Tonight’s premiere of “Love in the Age of Autocorrect”, by Loose TEA Music Theatre, will be a memorable performance adapting Mozart’s Bastien und Bastienne and Stravinsky’s Mavra – two short, comic operas about the extremes one will go through for love and all the nonsense and miscommunication that comes with it. Taking place at Atelier Rosemarie Umetsu, audience members will enjoy these two buffa classics in a setting like no other.

Artistic Director, Alaina Viau, has been one busy gal and I was thrilled when she agreed to share her story with me and the entire Loose TEA journey.

MC:  Please share your Loose TEA story with us!

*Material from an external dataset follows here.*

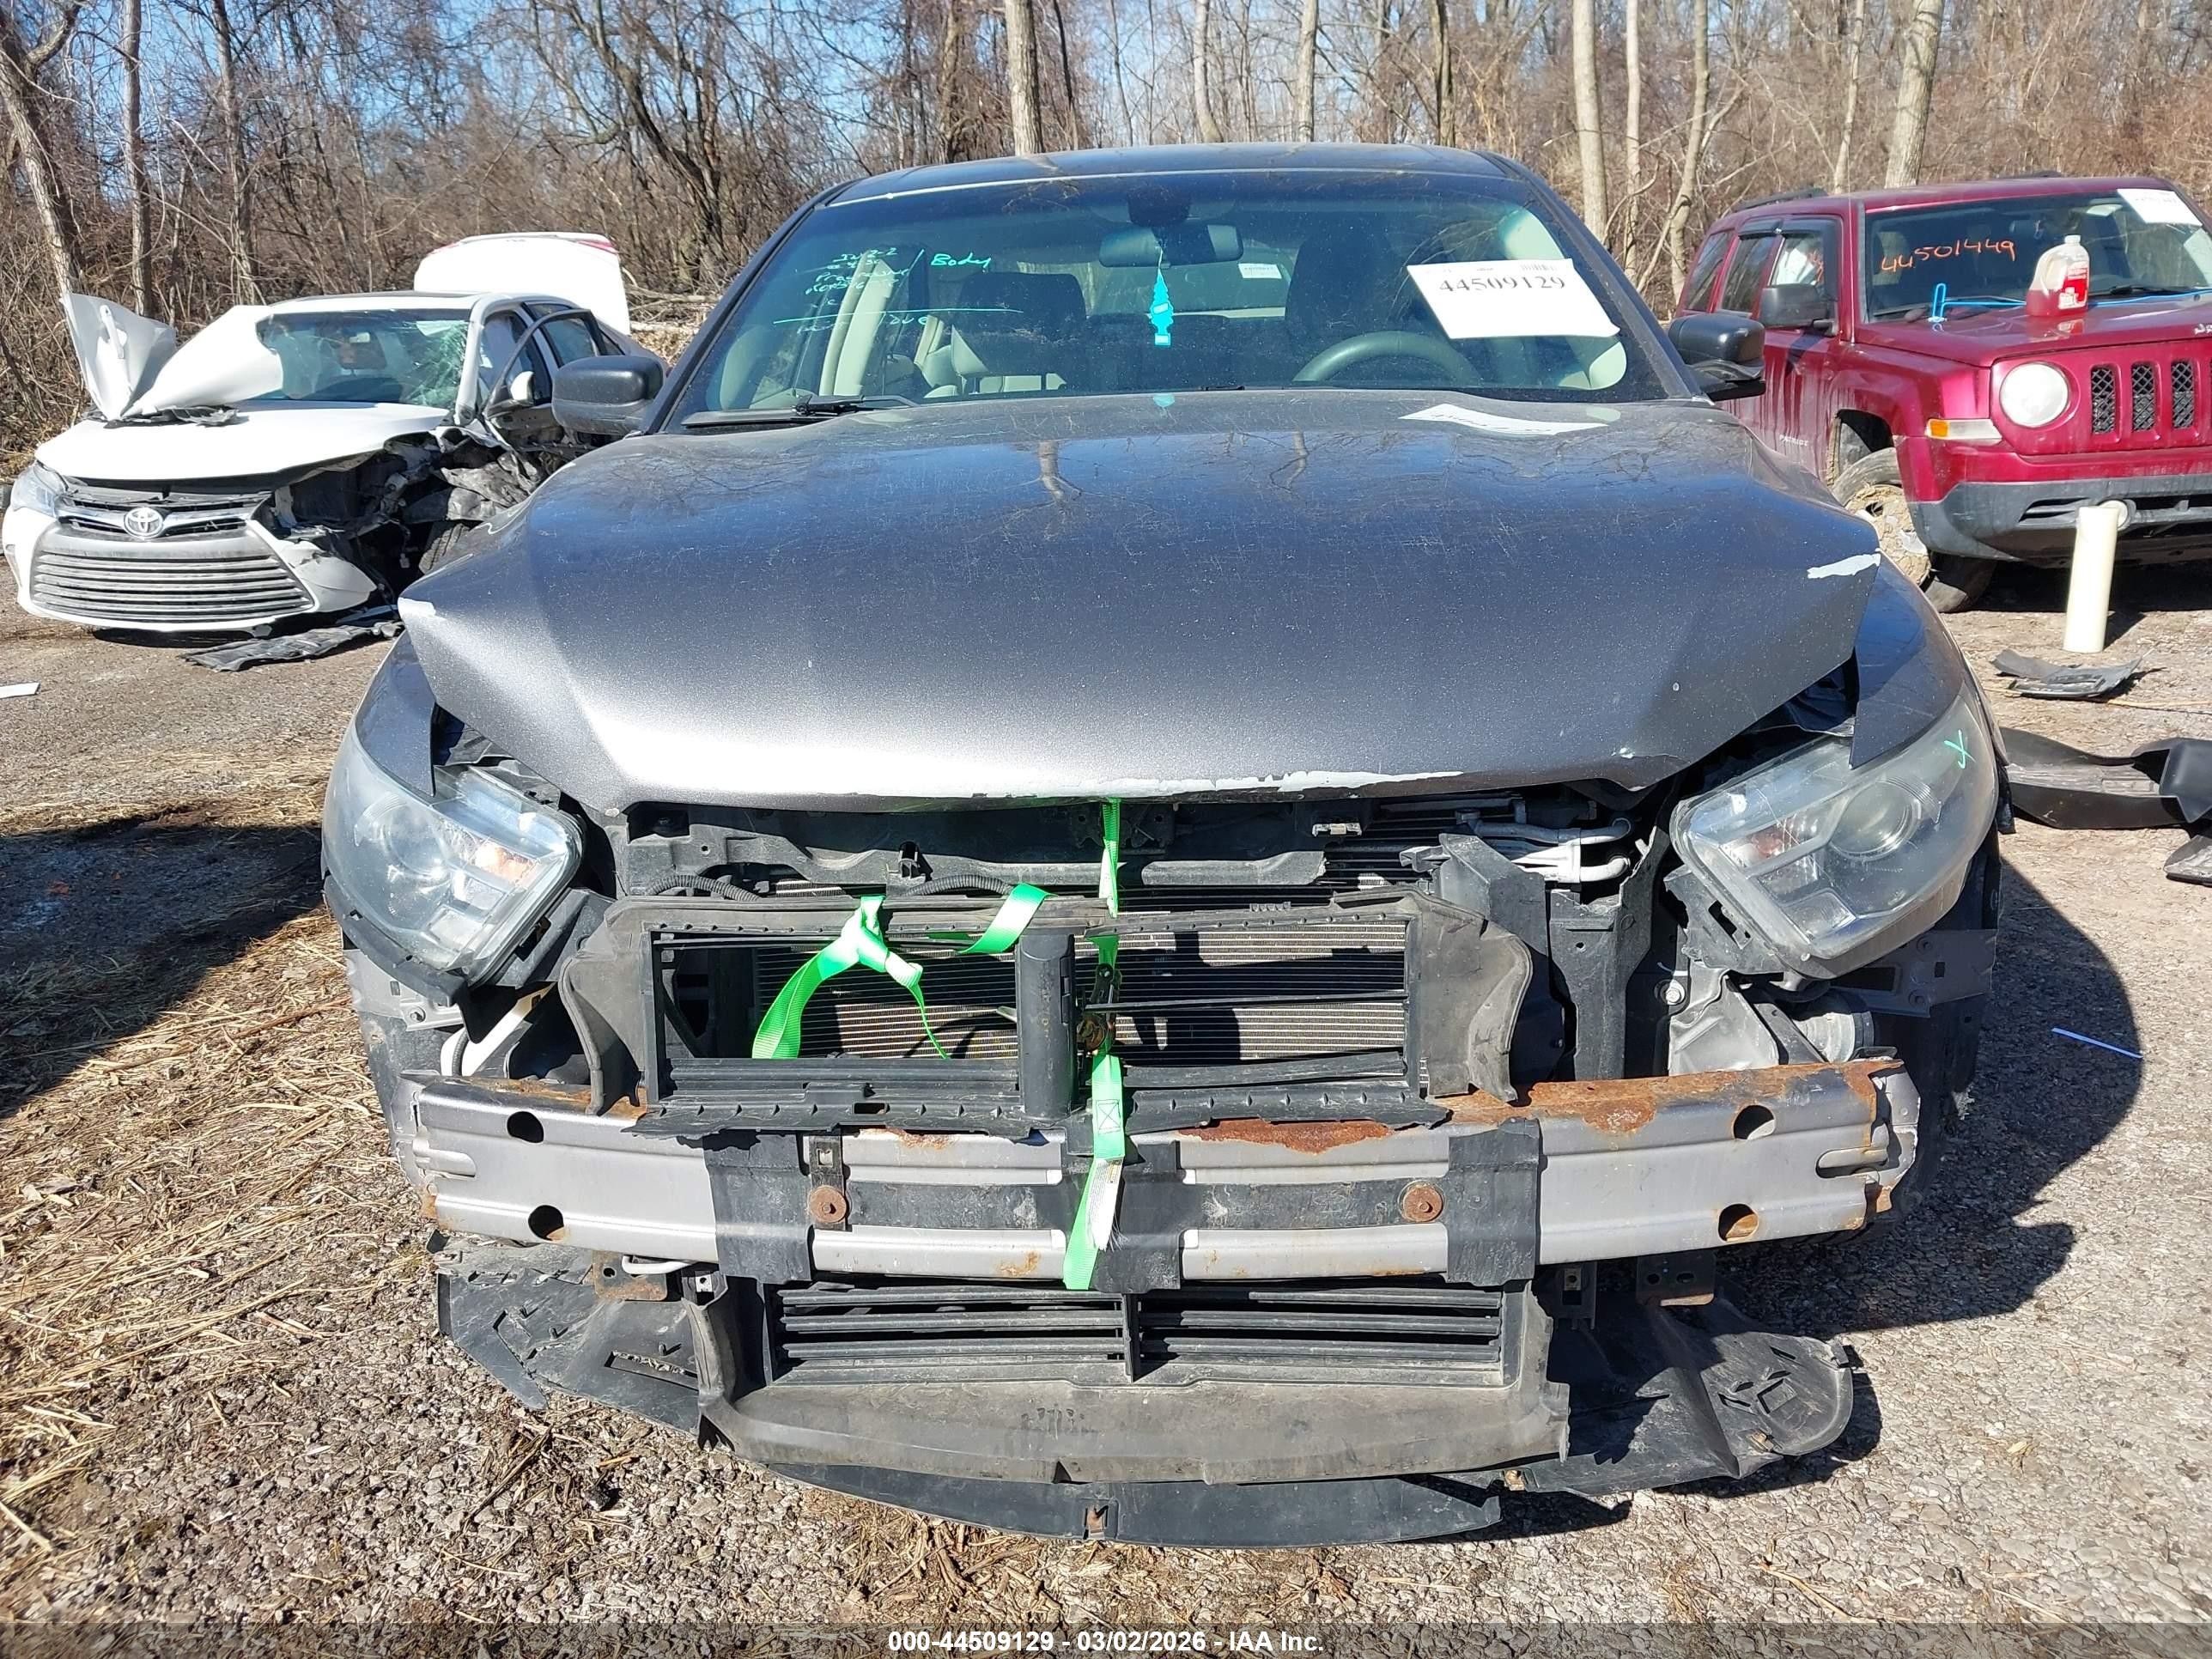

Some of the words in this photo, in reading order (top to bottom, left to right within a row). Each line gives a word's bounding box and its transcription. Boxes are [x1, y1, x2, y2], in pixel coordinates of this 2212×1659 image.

[930, 251, 992, 270] Body
[1881, 238, 2016, 273] 44501449
[1438, 275, 1566, 292] 44509129
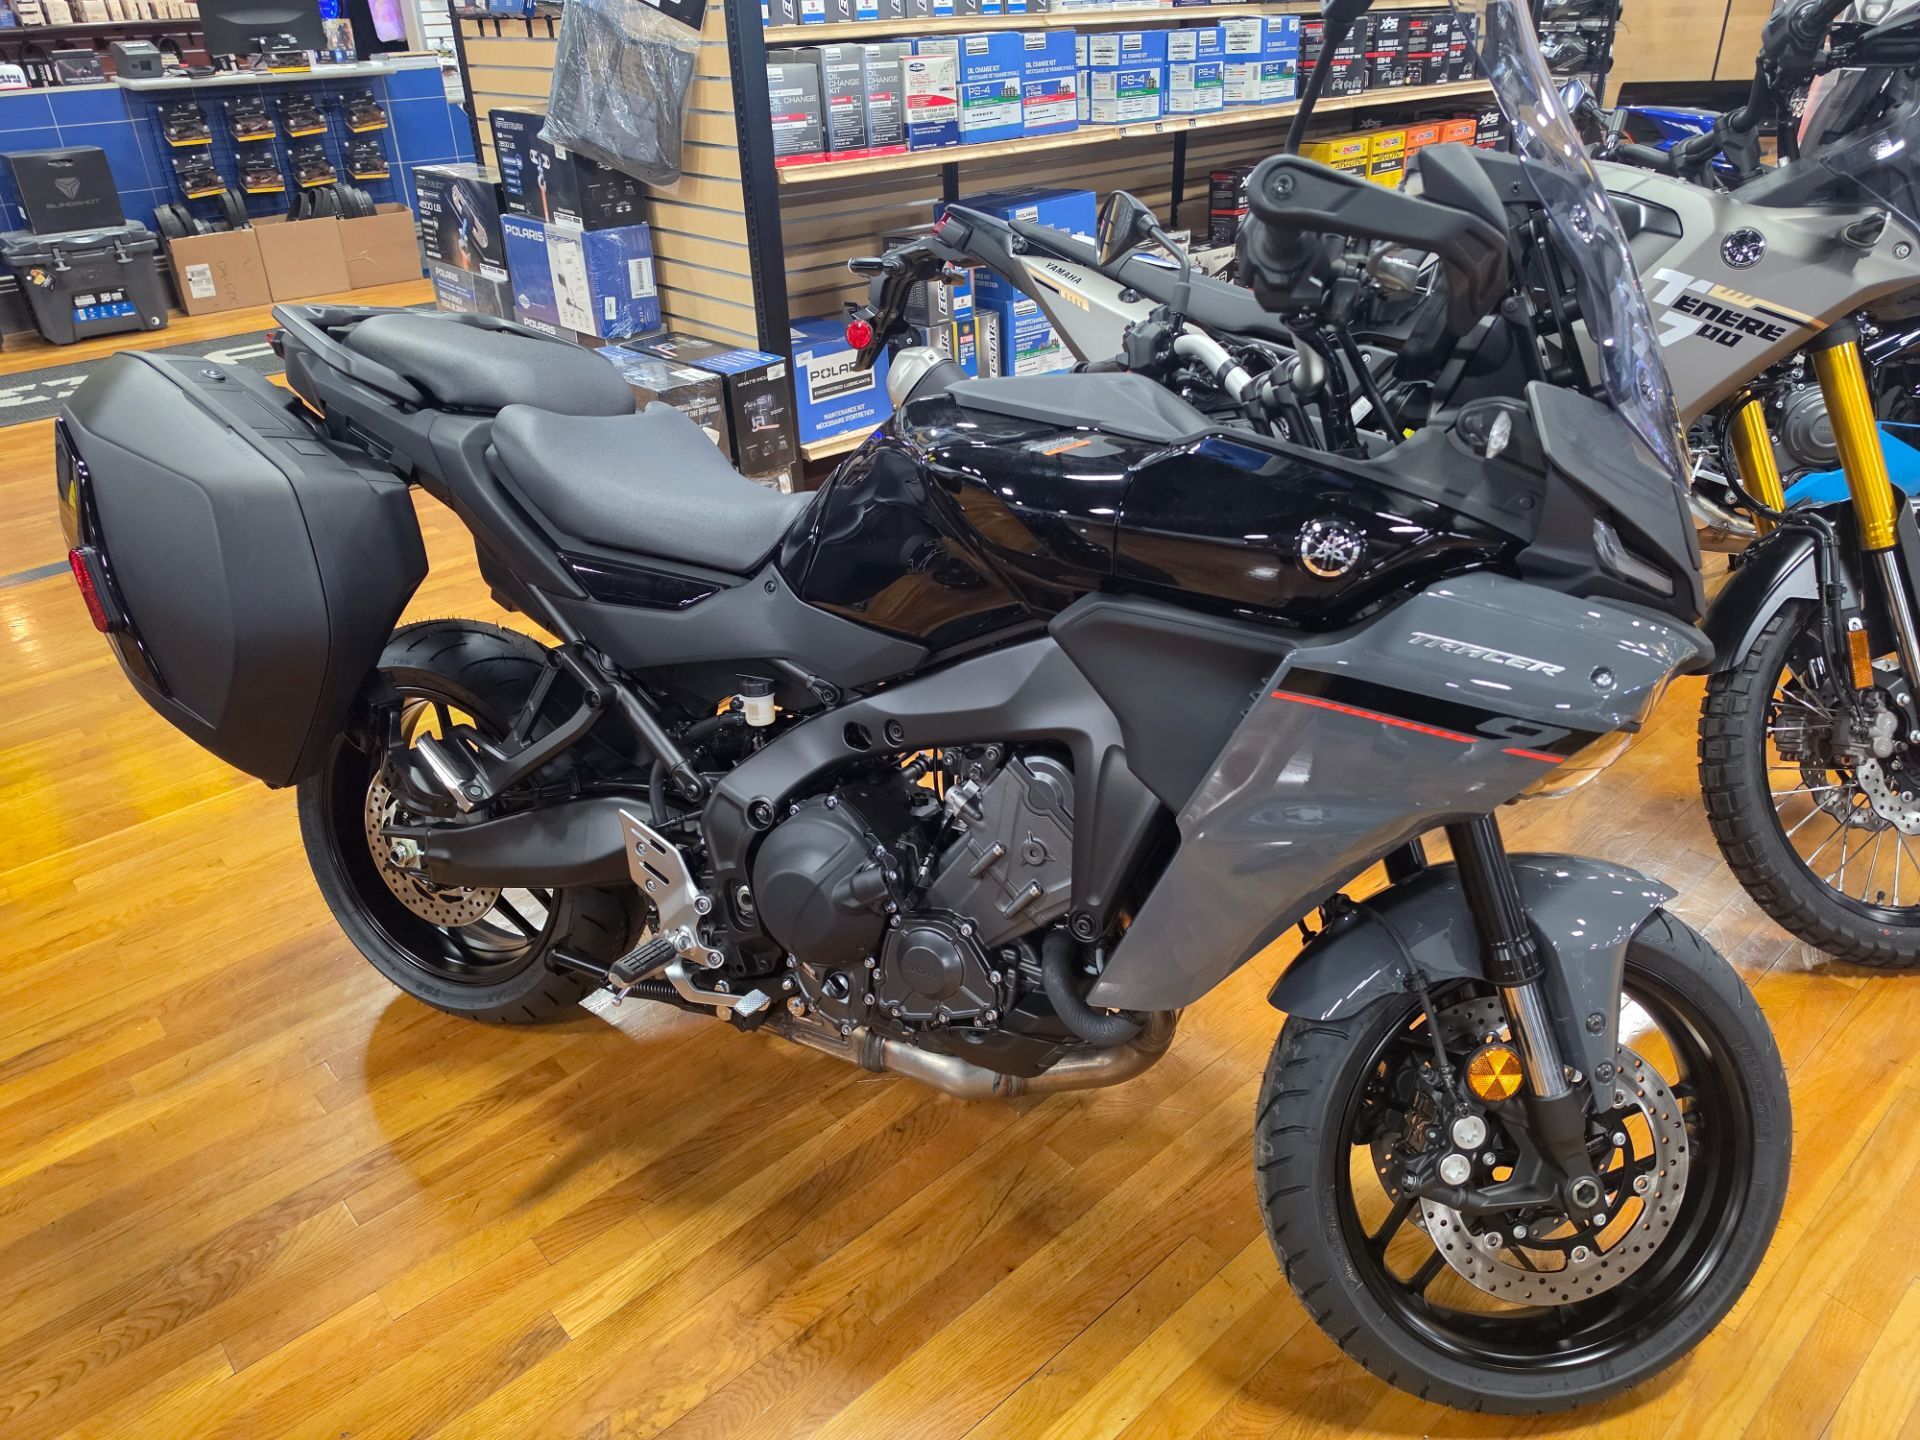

AV: I started Loose TEA last year with its inaugural performance of “La Tragedie de Carmen” last season but the idea of having my own company to explore different interpretations of opera and classical music goes back a few years before that. I realized that I wanted to share the experience and emotions of this art. Even though I love the art form, I felt that the historical context of these pieces made it inaccessible to people living in today’s world. Loose TEA’s mission is to take traditional musical and operatic works and infuse them with and entrench them within the issues, concerns and topics of our present day world. We want to challenge, motivate, and inspire our audience through the medium of music and opera, in a way that is approachable, understandable and relevant. Loose TEA is a company that focuses on the emotional journey that is created by musicians and actors on stage for the 21st century audience.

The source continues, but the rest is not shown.